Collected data
....................
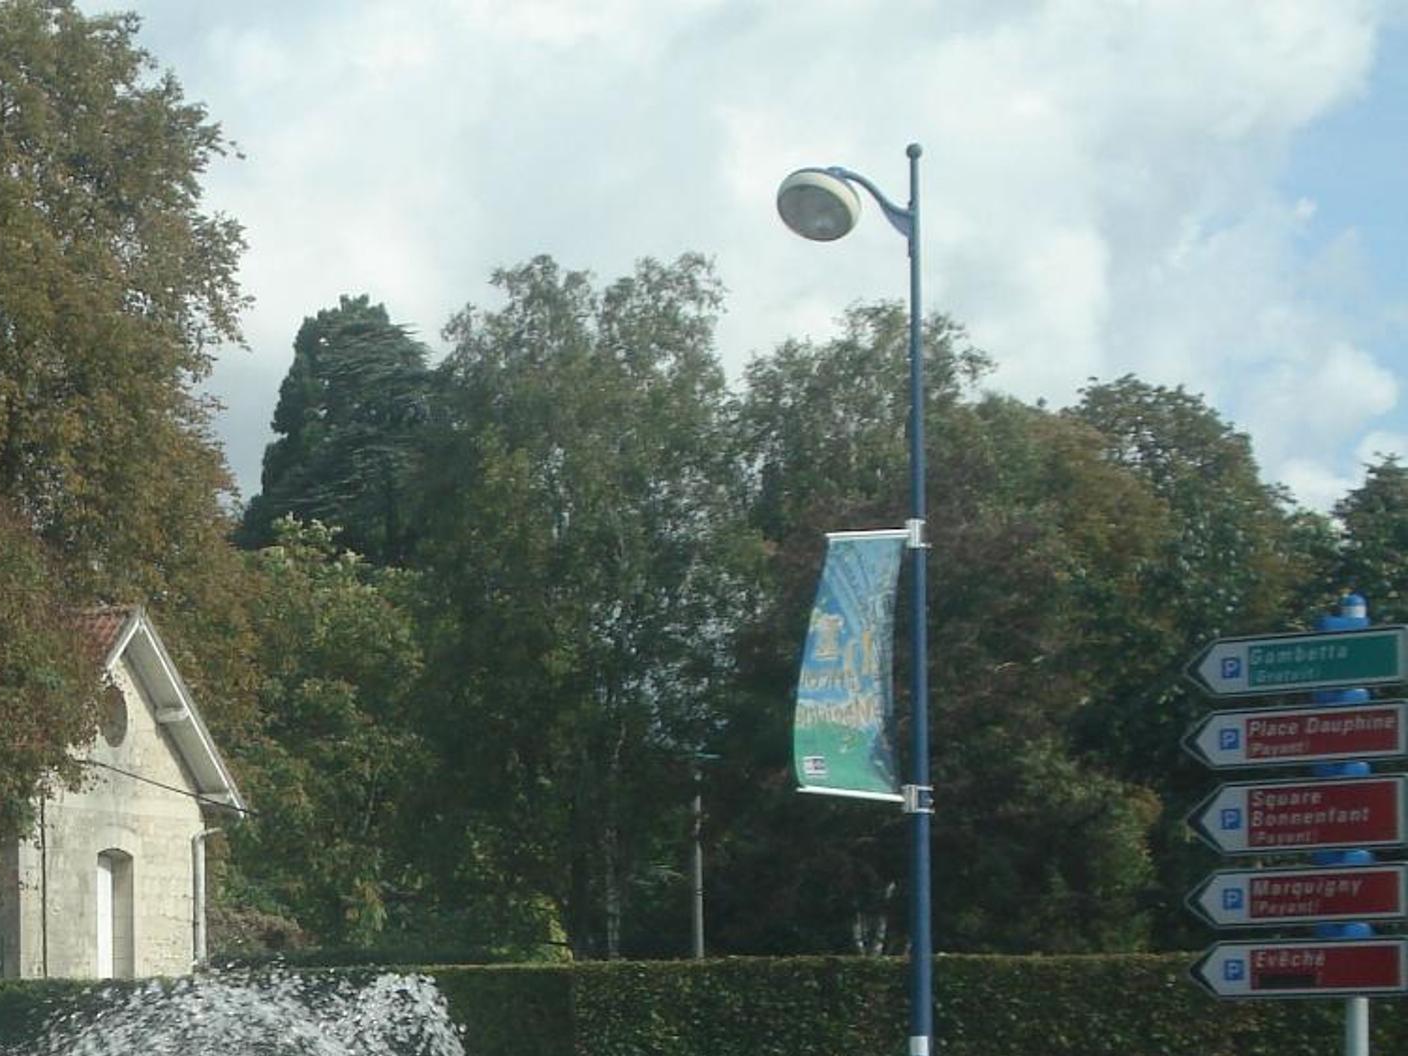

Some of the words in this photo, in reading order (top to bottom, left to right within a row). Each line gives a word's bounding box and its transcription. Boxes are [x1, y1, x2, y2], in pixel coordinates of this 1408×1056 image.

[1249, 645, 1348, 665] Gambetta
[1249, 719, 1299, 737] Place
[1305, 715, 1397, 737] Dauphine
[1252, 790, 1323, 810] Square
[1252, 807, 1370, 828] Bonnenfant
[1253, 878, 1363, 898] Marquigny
....................
EXERCISE PROMPT
Will you set down the records word for word while leaving out every picture?

YOUR RESPONSE
Some of the words in this photo, in reading order (top to bottom, left to right within a row). Each line gives a word's bounding box and its transcription. Boxes are [x1, y1, x2, y2], in pixel coordinates of this 1408×1056 image.

[1249, 645, 1348, 665] Gambetta
[1249, 719, 1299, 737] Place
[1305, 715, 1397, 737] Dauphine
[1252, 790, 1323, 810] Square
[1252, 807, 1370, 828] Bonnenfant
[1253, 878, 1363, 898] Marquigny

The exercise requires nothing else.